Dia terkekeh cukup lama dan itu membuatku merasa ada yang lucu dari perkataanku.

“Yang aku dengar dari orang-orang itu cuma satu hal saja, dan itu berkenaan dengan keledai, hewan yang aku ternakkan. Katanya, orang kaya sulit masuk surga. Ibarat seekor keledai hendak melewati lubang jarum.”

Mendengar hal itu, aku juga ikut tertawa. Kami tertawa bersama-sama sebelum datang dua orang yang tampak sangat terburu-buru.

“Keledai siapa itu di sana?” tanya salah satunya kepada kami semua yang ada di kedai. Aku melirik Pak Tua. Dia kelihatan bingung sebelum akhirnya bangkit bersuara.

“Itu keledaiku. Ada apa dengannya?”

“Guruku bilang, dia membutuhkannya.”

“Guru?”

“Ya. Guru kami. Dia menyuruh kami ke sini untuk mengambil keledai itu. Salah satu dari keledai itu, tepatnya. Yang masih muda.”

Pak Tua itu buru-buru mendekati mereka. Kemudian dia dan dua orang itu tampak berbicara dengan sungguh-sungguh dengan suara yang begitu pelan sehingga aku tak bisa menguping pembicaraan mereka. Tak lama kemudian dia sudah kembali bergabung denganku di meja kedai, sementara dua orang itu segera pergi ke luar, melepas ikatan tambatan keledai anakan itu lalu membawanya pergi.

“Heh.
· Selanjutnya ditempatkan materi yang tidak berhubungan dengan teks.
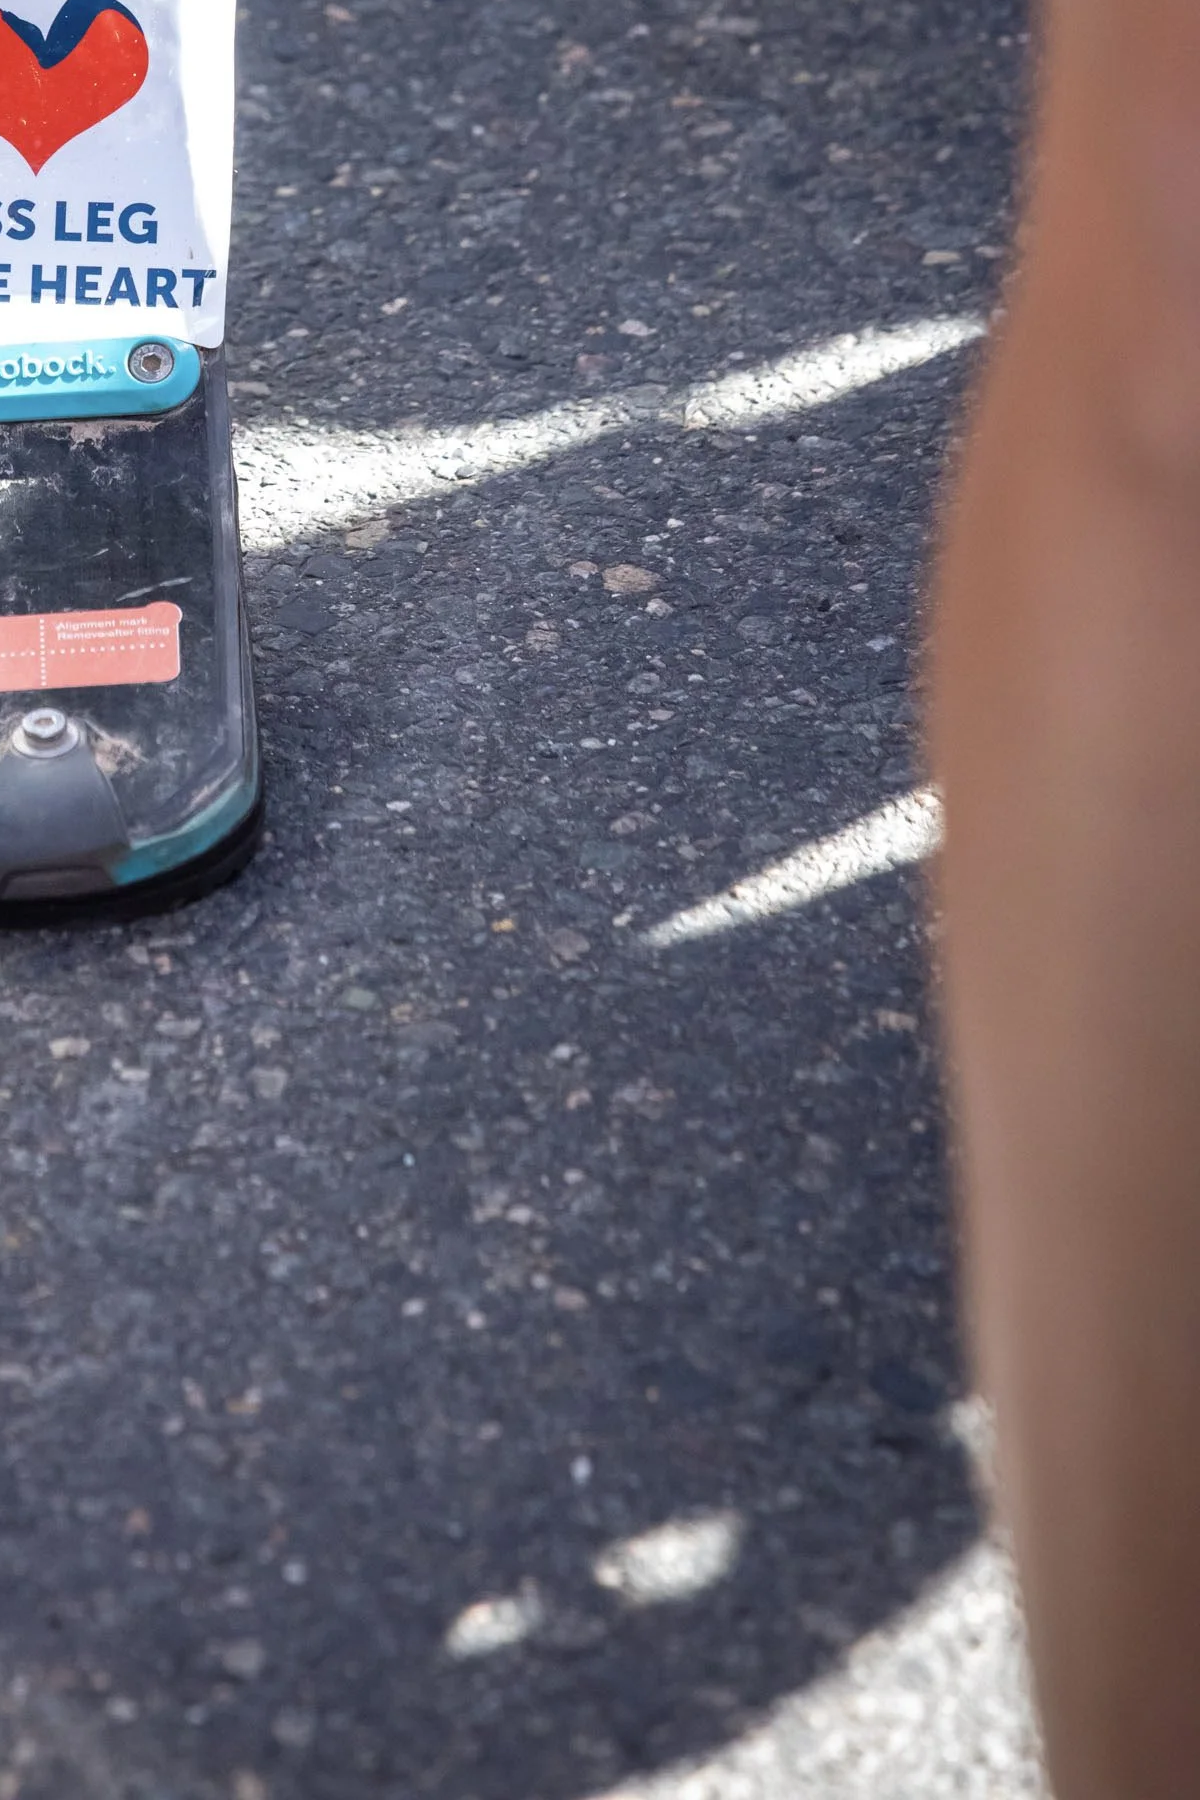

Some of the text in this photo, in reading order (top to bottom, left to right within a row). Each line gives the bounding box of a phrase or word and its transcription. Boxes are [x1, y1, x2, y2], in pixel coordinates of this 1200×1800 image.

[54, 200, 159, 244] LEG
[30, 263, 217, 308] HEART
[56, 616, 148, 631] Alignment mark
[137, 626, 170, 636] fitting
Ada-ada saja,” celetuk Pak Tua itu mengagetkanku.

“Kenapa memang?”

“Mungkin ini yang dikatakan sebagai jalan Tuhan. Baru saja kita berbincang perihal orang yang mengatakan bahwa orang kaya akan susah masuk surga seperti seekor keledai masuk lubang jarum. Ternyata dia yang menyuruh dua orang tadi untuk mengambil keledaiku.”
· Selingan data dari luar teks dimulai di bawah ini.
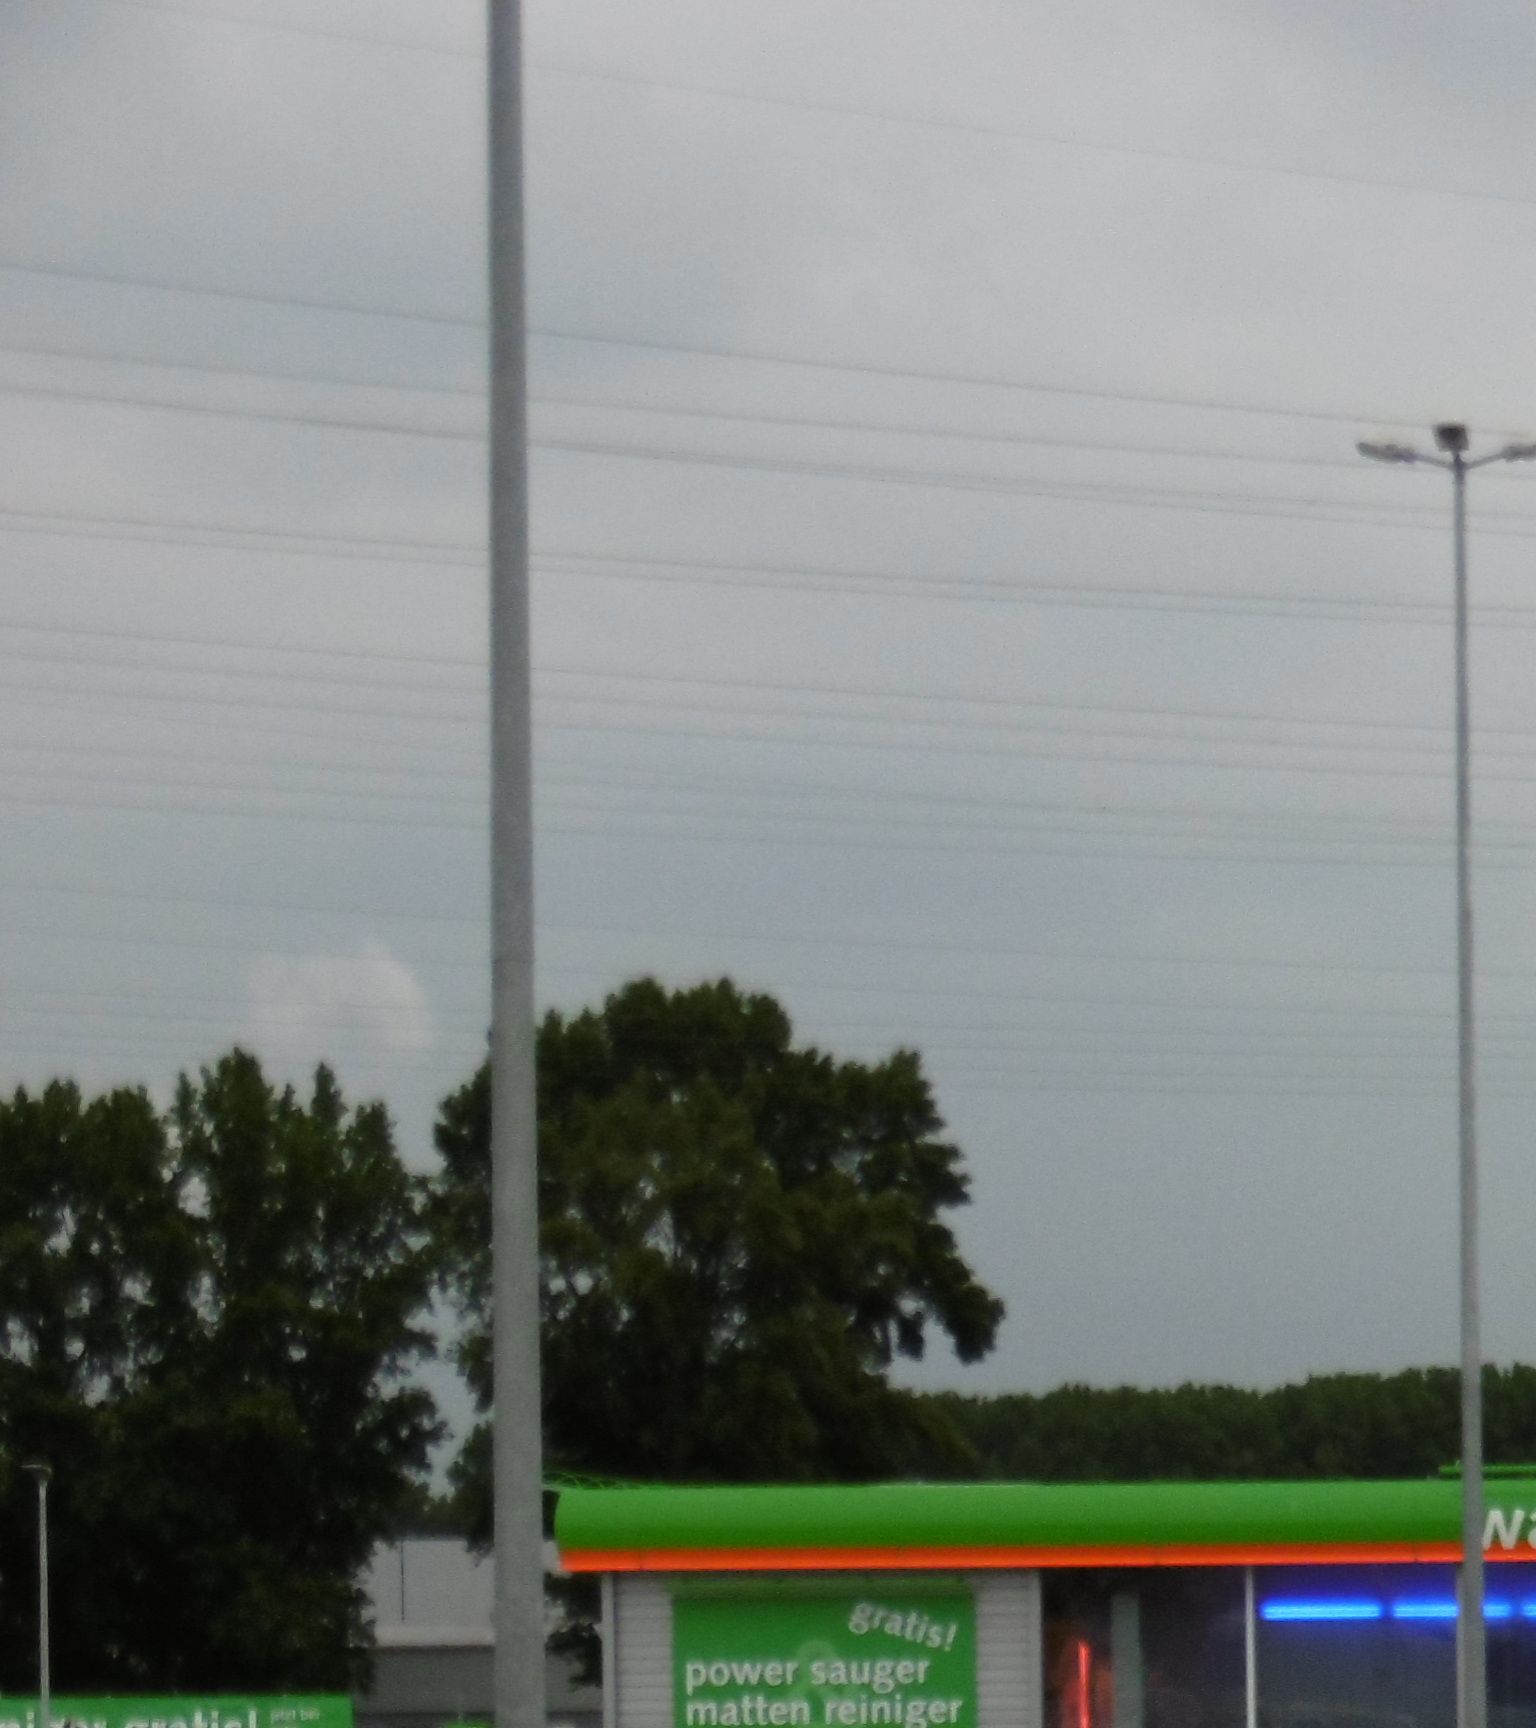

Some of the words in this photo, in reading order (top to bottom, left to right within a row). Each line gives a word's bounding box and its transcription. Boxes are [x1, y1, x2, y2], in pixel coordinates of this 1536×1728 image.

“Lalu apanya yang aneh jika kau mengatakannya sebagai jalan Tuhan?”

“Ya. Tadi aku bertanya kepada mereka mengapa dia masih membutuhkan keledai sementara dia membuat perumpamaan yang tidak baik itu dengan keledai. Toh, keledai juga makhluk Tuhan. Mungkin, ini cara Tuhan menegur dirinya. Jangan sembarangan menganggap buruk makhluk ciptaan-Nya karena suatu saat kau pasti membutuhkannya.”

Aku tertawa dan manggut-manggut. Perkataan Pak Tua itu masuk akal juga. Dan mendengar hal itu, aku jadi menghentikan niatku untuk berhenti sebagai penjual merpati. Selama ini, dengan berjualan merpati aku bisa menghidupi keluargaku meskipun kami terus berkekurangan.
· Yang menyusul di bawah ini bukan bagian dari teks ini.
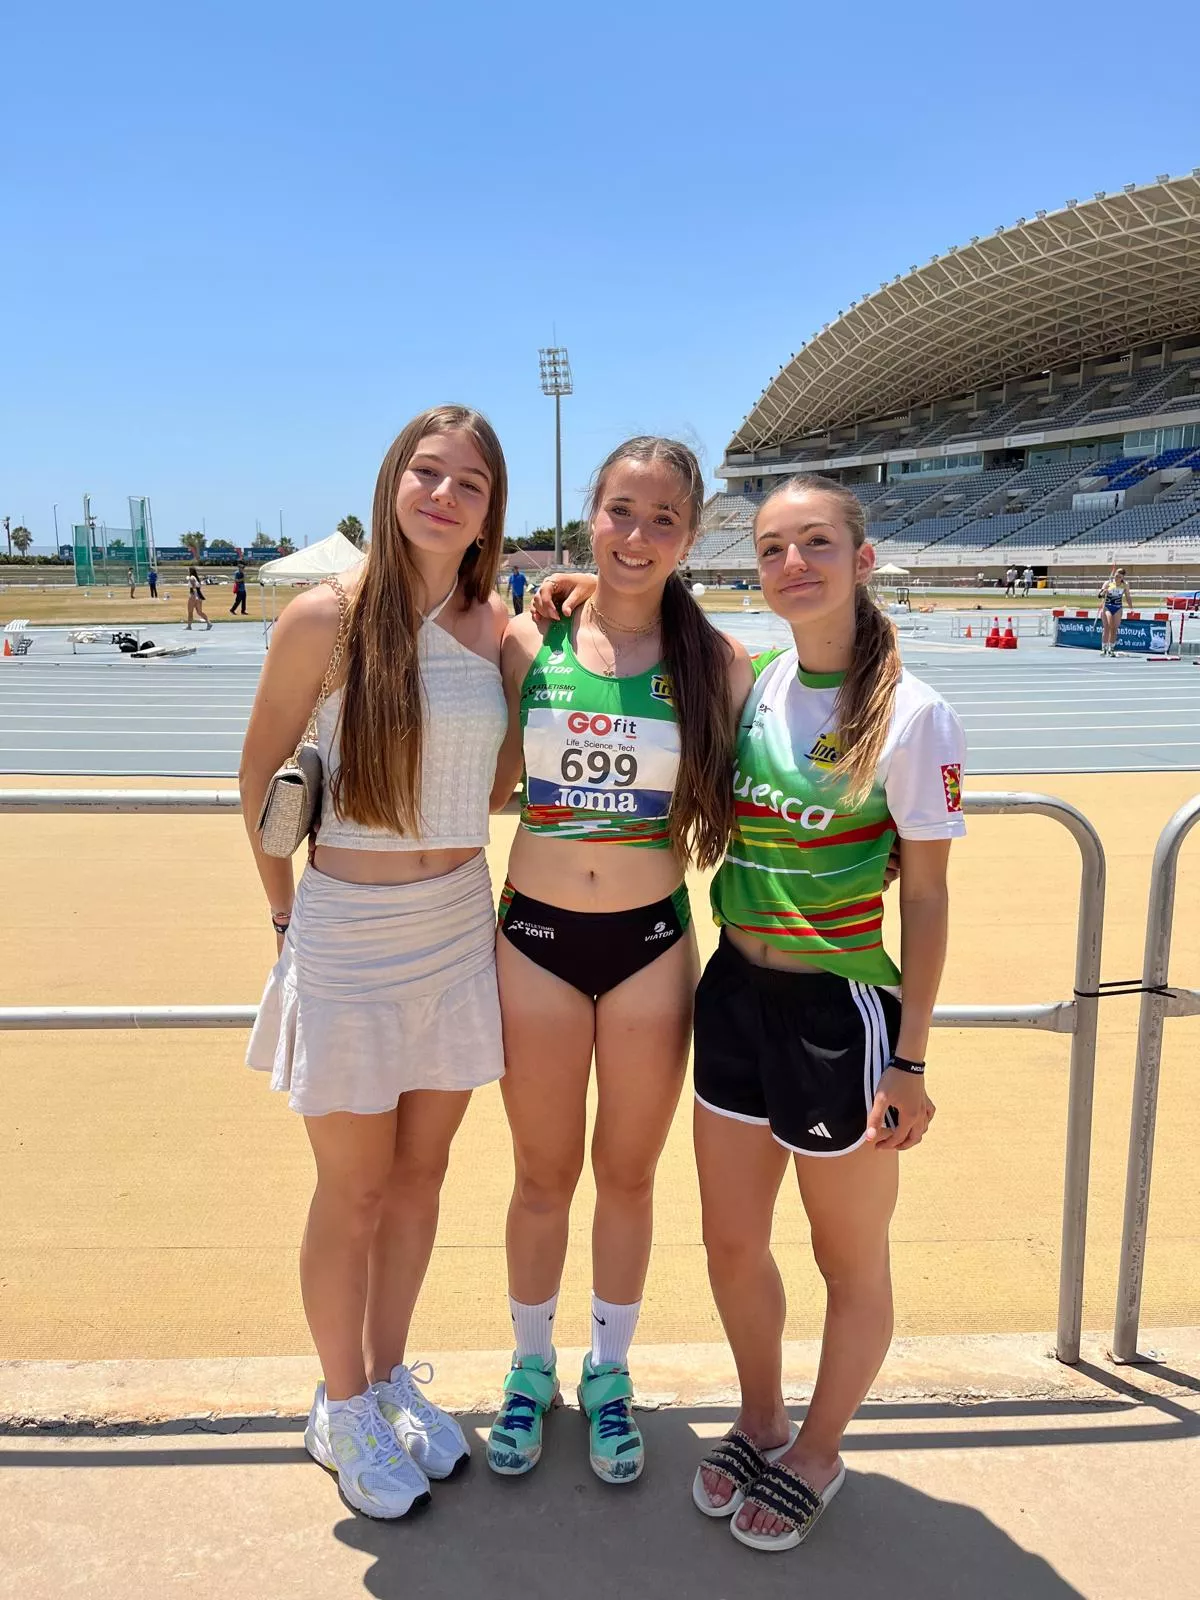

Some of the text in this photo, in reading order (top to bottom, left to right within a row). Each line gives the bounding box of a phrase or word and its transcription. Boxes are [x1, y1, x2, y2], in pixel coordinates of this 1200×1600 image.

[533, 665, 574, 676] VIATOR
[536, 683, 577, 691] ATLETISMO
[533, 690, 574, 703] ZOITI
[561, 748, 638, 787] 699
[554, 788, 638, 813] Joma
[731, 769, 836, 831] uesca
[525, 928, 555, 940] ZOITI
[644, 929, 675, 942] VIATOR
“Lalu bagaimana dengan keledaimu itu?”

“Aku minta dikembalikan lagi setelah selesai dipinjam.”

“Hah? Bukannya kau jauh-jauh datang untuk menyerahkan keledaimu pada seseorang karena Tuhan?”

Dia terdiam, mengambil cawan anggurnya lalu meminumnya, dan berkata, “Aku percaya bahwa aku jauh-jauh datang ke sini tidak untuk merugi. Lagi pula dua orang tadi itu berjanji akan mengembalikannya. Mungkin Tuhan mengubah rencananya pada keledai muda itu.”

 

 

Jakarta, Februari 2014

Dedy Tri Riyadi bergiat di Paguyuban Sastra Rabu Malam (PaSaR Malam) di Jakarta.